Neuer Schwung für den Radverkehr in Essen

Radeln über die Trasse „Rheinische Bahn“ entlang des Niederfeldsees in Altendorf: Diese populäre Strecke nutzten auch Teilnehmer des diesjährigen „Stadtradelns“.
Radeln über die Trasse „Rheinische Bahn“ entlang des Niederfeldsees in Altendorf: Diese populäre Strecke nutzten auch Teilnehmer des diesjährigen „Stadtradelns“.
Foto: FUNKE Foto Services
Was wir bereits wissen
500 000 Euro sollen künftig jährlich in neue Wege investiert werden. Die Stadt will Radler vermehrt über Straßen statt über Bordsteine führen.

Essen..  Mit einer neuer Ernsthaftigkeit plant die Verwaltung, den Radverkehr im Stadtgebiet auszubauen. In den nächsten fünf Jahren sollen 20 Kilometer Radwege entstehen. Erstmals wird dabei eine Summe genannt, die jährlich investiert werden soll – 500 000 Euro. „Das hat es so noch nie gegeben“, lobt Jörg Brinkmann, der Vorsitzende des Essener Radclubs ADFC. Ob die neu errungene Auszeichnung „Grüne Hauptstadt Europas“ dabei eine nennenswerte Wirkung entfalten kann, wird sich allerdings erst zeigen.

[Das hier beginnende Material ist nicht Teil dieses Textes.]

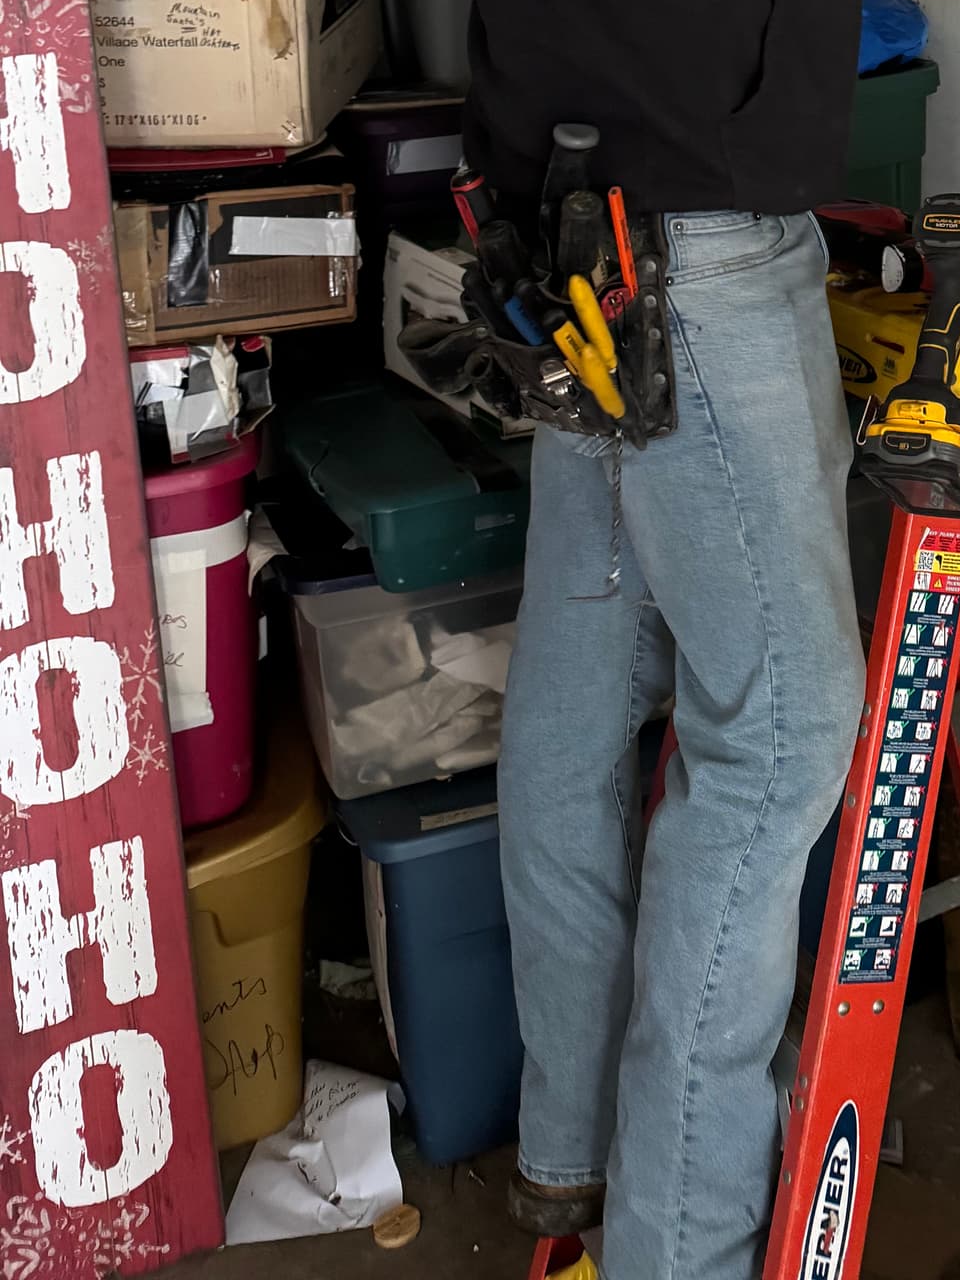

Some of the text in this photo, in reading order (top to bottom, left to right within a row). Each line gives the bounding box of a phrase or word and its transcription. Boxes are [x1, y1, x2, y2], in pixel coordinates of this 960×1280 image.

Die Stadt plant konkret, weitere wichtige Autostraßen mit Radwegen zu versehen – als weiße Streifen, die einen Seitenbereich für Radler reservieren. Dass Radwege über Bordsteine führen, soll es künftig nicht mehr geben. Dies führt immer wieder zu Konflikten zwischen Fußgängern und Radfahrern. Weiße „Radstreifen“ sollen zum Beispiel auf der Frankenstraße zwischen Stadtwaldplatz und Bredeney entstehen, auf der Hafenstraße vor dem Fußballstadion oder in Borbeck an der Schlossstraße. Auch bestehende Radwege, in die Jahre gekommen, sollen möglichst bald saniert werden – zum Beispiel Teile der Frintroper Straße oder der Aktienstraße in Borbeck. „Dass hier immer nur Teilstücke für Sanierungen vorgesehen sind, ist eigentlich ein Unding“, kritisiert Jörg Brinkmann.

Eine weitere Maßnahme, die den Radverkehr in Essen nennenswert nach vorne bringen soll, ohne, dass es viel kostet, ist die Einrichtung so genannter Fahrradstraßen. Blaue Schilder weisen auf sie hin. 36 gibt es derzeit im Stadtgebiet, rund 100 sollen es werden. „Kaum einer weiß zwar, was sie bedeuten, doch sie sind symbolisch wichtig für die bessere Wahrnehmung“, findet Brinkmann. Auf Fahrradstraßen dürfen Radler nebeneinander herradeln, sind grundsätzlich bevorrechtigt, und es gilt für alle Verkehrsteilnehmer Tempo 30. So sind die Bergerhauser Straße, der südliche Teil der Altenessener Straße oder der Laurentiusweg parallel zur Steeler Straße schon jetzt als Fahrradstraße ausgewiesen, genau wie einige Teile Rüttenscheids. „Das bringt effektiv aber nur etwas“, gibt Brinkmann zu bedenken, „wenn ganze Quartiere in Fahrradstraßen umgewandelt werden, so wie in Rüttenscheid an den Schulen.“

Die neue Radverkehrsplanung, kürzlich im Bauausschuss vorgestellt, wandert jetzt als Konzept durch die Bezirksvertretungen, soll endgültig im Herbst verabschiedet werden. Die 500 000 Euro sollen investiert werden „vorbehaltlich der Berücksichtigung im Haushaltsplan“, heißt es in der Vorlage. Das bedeutet: Das vorletzte Wort hat der Kämmerer, das letzte die Kommunalaufsicht. Erst dann zeigt sich, ob „Green Capital“ wirklich etwas bringen kann.